EXERCISE REQUIREMENTS: Give the records back exactly as written, but without the images.

____ EXCERPTED RECORDS

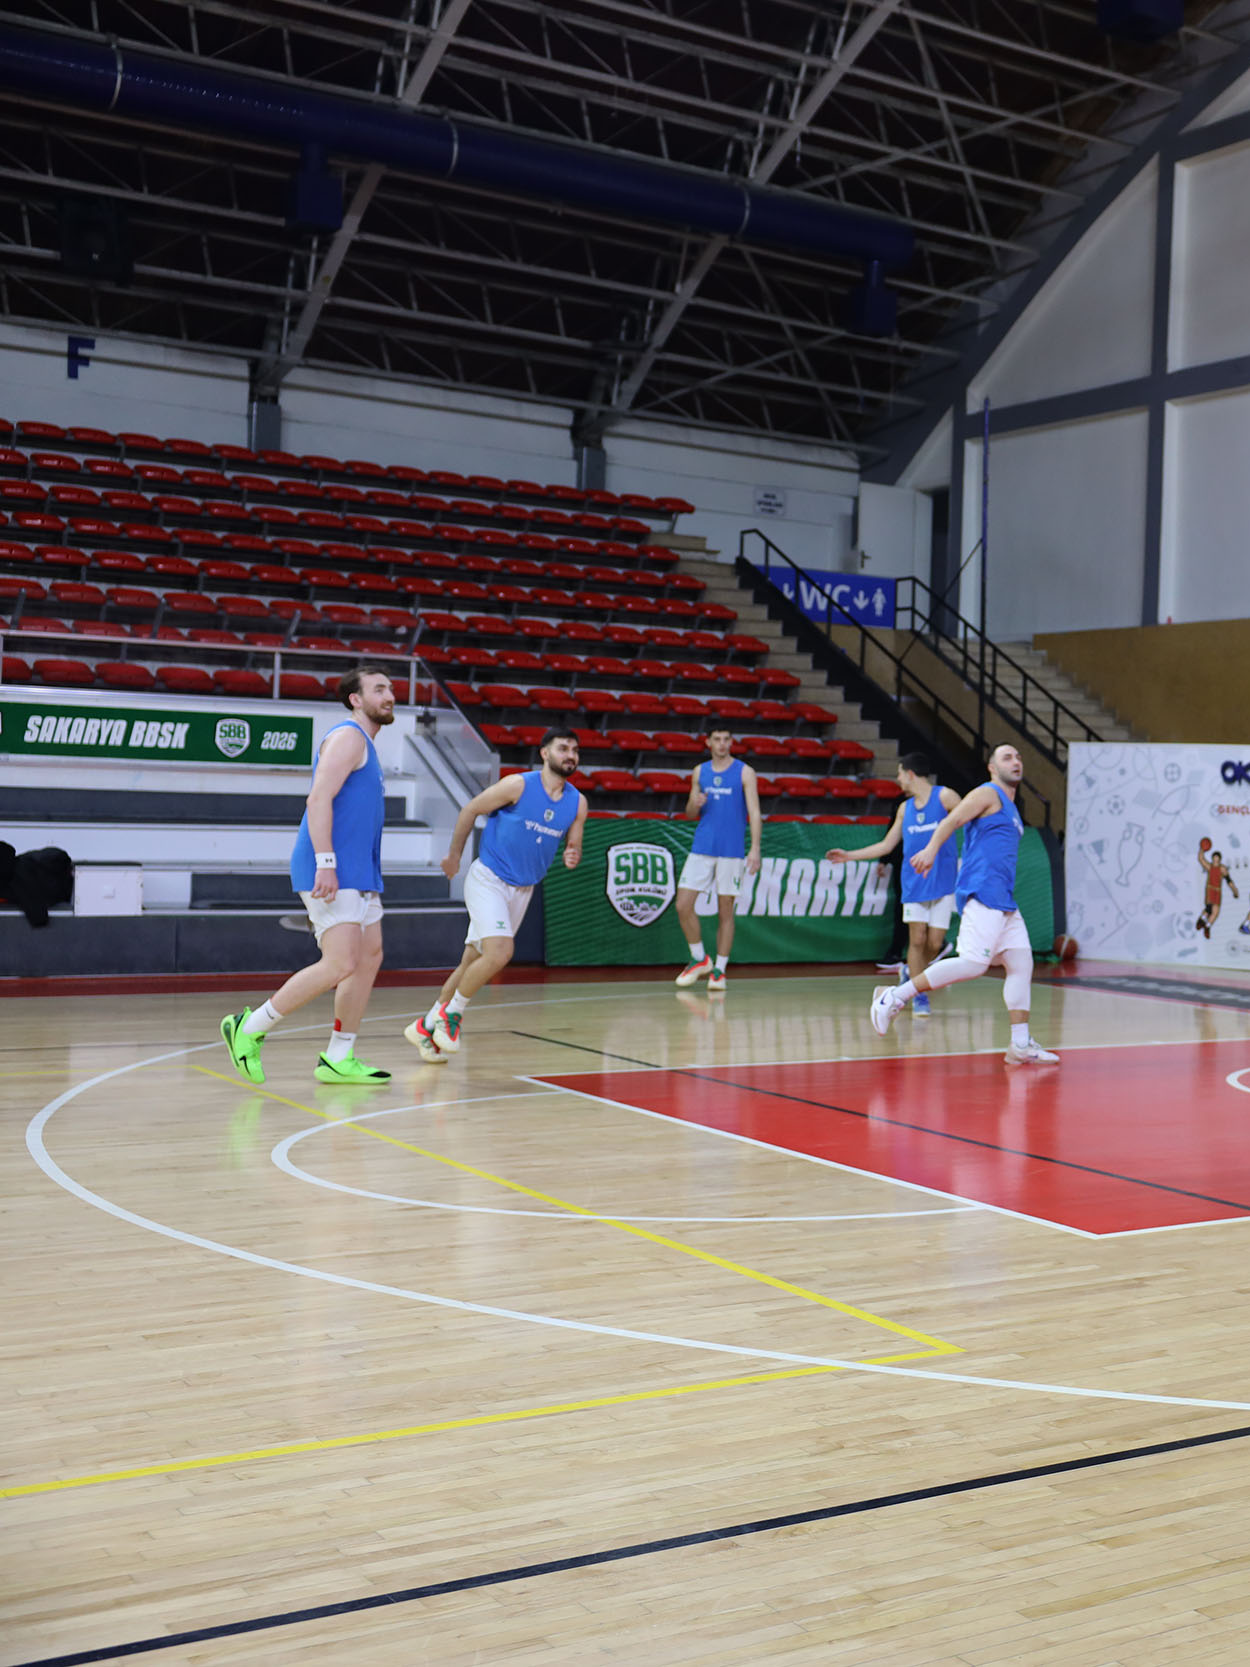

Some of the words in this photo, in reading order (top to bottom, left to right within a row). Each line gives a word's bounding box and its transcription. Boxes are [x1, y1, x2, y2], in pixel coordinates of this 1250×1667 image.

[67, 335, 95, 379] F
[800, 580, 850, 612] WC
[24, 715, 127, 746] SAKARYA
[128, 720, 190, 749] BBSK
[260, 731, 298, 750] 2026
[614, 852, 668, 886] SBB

________

RESULT BELOW:
Some of the words in this photo, in reading order (top to bottom, left to right within a row). Each line gives a word's bounding box and its transcription. Boxes are [x1, y1, x2, y2], in pixel coordinates of this 1250×1667 image.

[67, 335, 95, 379] F
[800, 580, 850, 612] WC
[24, 715, 127, 746] SAKARYA
[128, 720, 190, 749] BBSK
[260, 731, 298, 750] 2026
[614, 852, 668, 886] SBB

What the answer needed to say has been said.